Tornano le Giornate Europee dell’Archeologia
Dal 12 al 14 giugno appuntamenti a Cagliari, Nuoro e Sassari
Tornano anche quest’anno, il 12, 13 e 14 giugno, le Giornate Europee dell’Archeologia, l’iniziativa di respiro internazionale promossa dall’Institut national des recherches archéologiques préventives (INRAP) e alla quale aderisce il Ministero della Cultura.
L’Italia partecipa in modo capillare all’evento e, in Sardegna, la Direzione regionale Musei nazionali propone tre appuntamenti dedicati nelle città di Cagliari, Nuoro e Sassari.
Le Giornate Europee dell’Archeologia nascono con l’obiettivo di promuovere il patrimonio archeologico e far conoscere al grande pubblico il lavoro dell’archeologo, attraverso attività divulgative e momenti di confronto che favoriscono il dialogo tra studiosi e cittadini.
Nuoro – Museo archeologico nazionale
Sabato 13 giugno, ore 17.30
Nel giardino del museo si terrà la presentazione del nuovo numero della rivista del Gruppo Grotte Nuorese, “Gruttas e Nurras”, dedicata a Sisaia.
L’incontro rappresenterà un’importante occasione di dialogo tra archeologia e speleologia, grazie agli interventi di studiosi e rappresentanti delle istituzioni coinvolte.
Per l’occasione il museo sarà aperto al pubblico dalle 16.00 alle 20.00, il 12 giugno dalle 9.00 alle 15:00 (14 giugno chiuso)

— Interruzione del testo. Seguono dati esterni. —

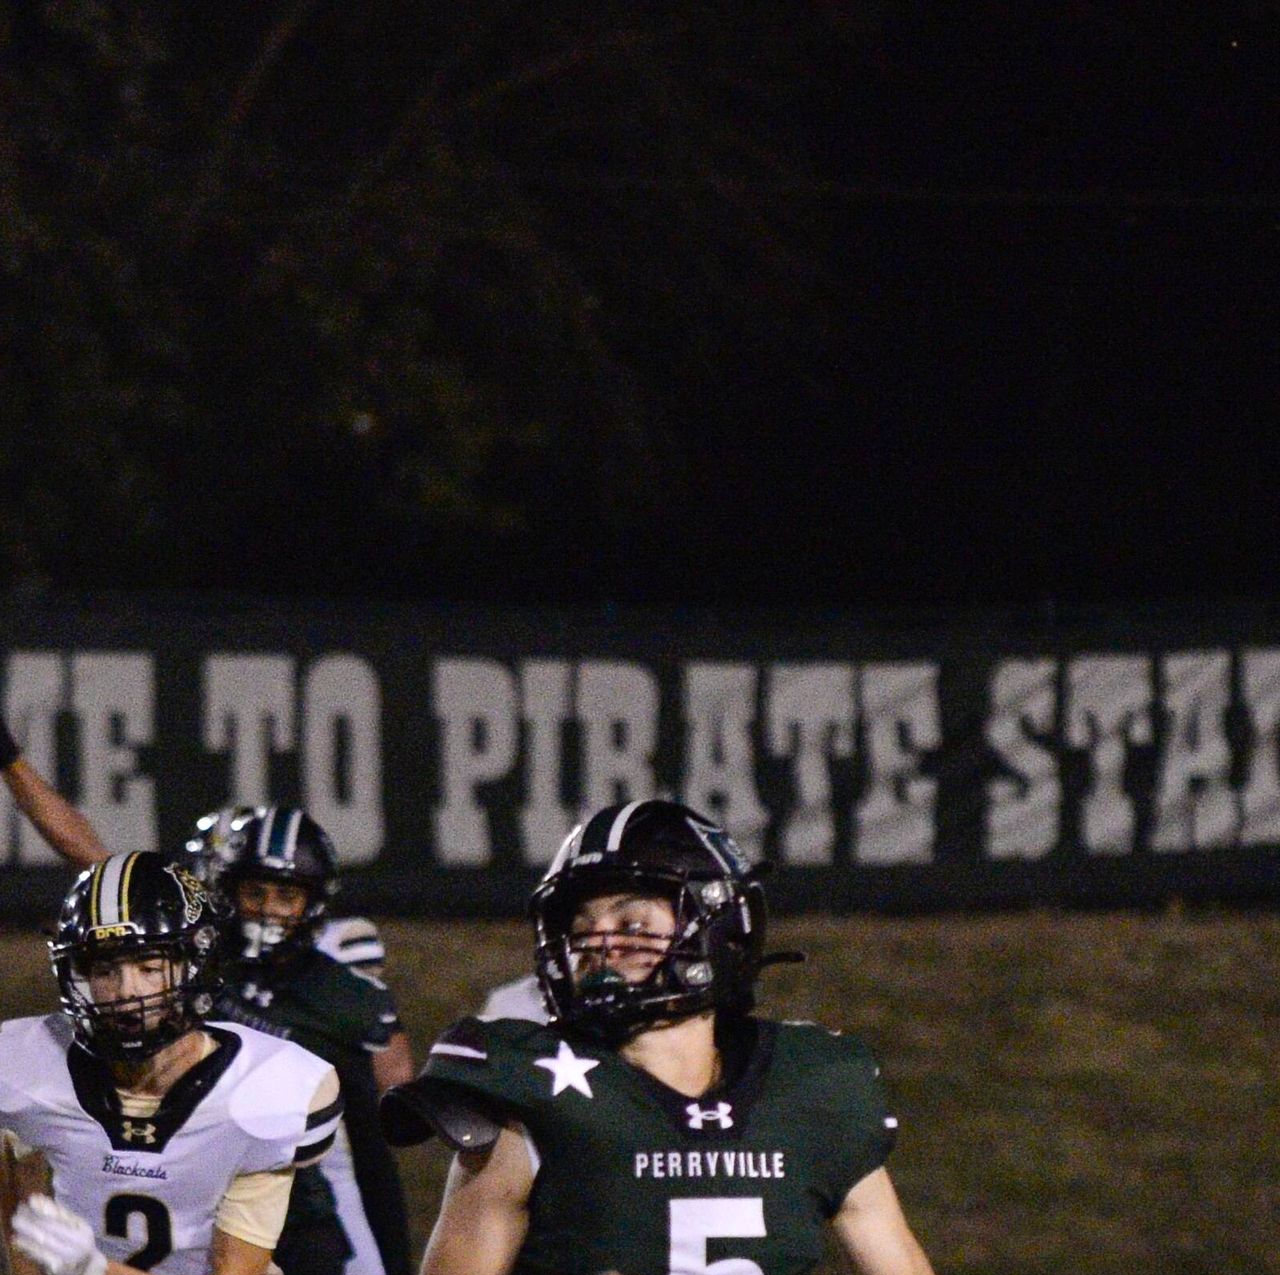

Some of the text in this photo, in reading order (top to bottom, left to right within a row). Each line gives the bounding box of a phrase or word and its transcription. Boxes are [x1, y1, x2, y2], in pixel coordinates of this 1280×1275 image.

Cagliari – Basilica di San Saturnino
Domenica 14 giugno, ore 9.00 – 13.00
Durante la mattinata sarà possibile partecipare a un’esperienza di visita innovativa, dedicata agli scavi di San Saturnino. Per la prima volta sarà esposto in basilica un plastico realizzato con stampa 3D da Simone Masala, che permetterà di osservare l’area archeologica nel suo insieme, cogliendo dettagli normalmente non visibili nel percorso di visita tradizionale.
Per l’occasione il museo sarà aperto al pubblico dalle 09.00 alle 13.00, il 12 e 13 giugno dalle 09.00 alle 15.30.
Sassari – Museo nazionale archeologico ed etnografico “G. A. Sanna”
Domenica 14 giugno, ore 11.00 “Dietro le quinte”
Il museo apre le porte al racconto del recente progetto di riallestimento che ha restituito al pubblico le rinnovate sale dedicate alle età nuragica, fenicio-punica e romana.
Archeologi, architetti, restauratori e tecnici illustreranno le scelte progettuali, scientifiche e conservative che hanno guidato il lavoro, accompagnando i visitatori alla scoperta delle attività svolte “dietro le quinte”: dalla progettazione agli interventi di conservazione, fino alla movimentazione e valorizzazione dei reperti.
L’incontro sarà seguito da un percorso tematico in alcune sale, tra le vetrine più significative, offrendo una prospettiva inedita sul lavoro che ha portato alla realizzazione del nuovo allestimento.
Per l’occasione il museo sarà aperto al pubblico dalle 9.00 alle 13.00, il 12 giugno dalle 14.00 alle 20.00 e il 13 giugno dalle 9.00 alle 14.00
Tutti gli eventi sono gratuiti e ad ingresso libero, senza prenotazione.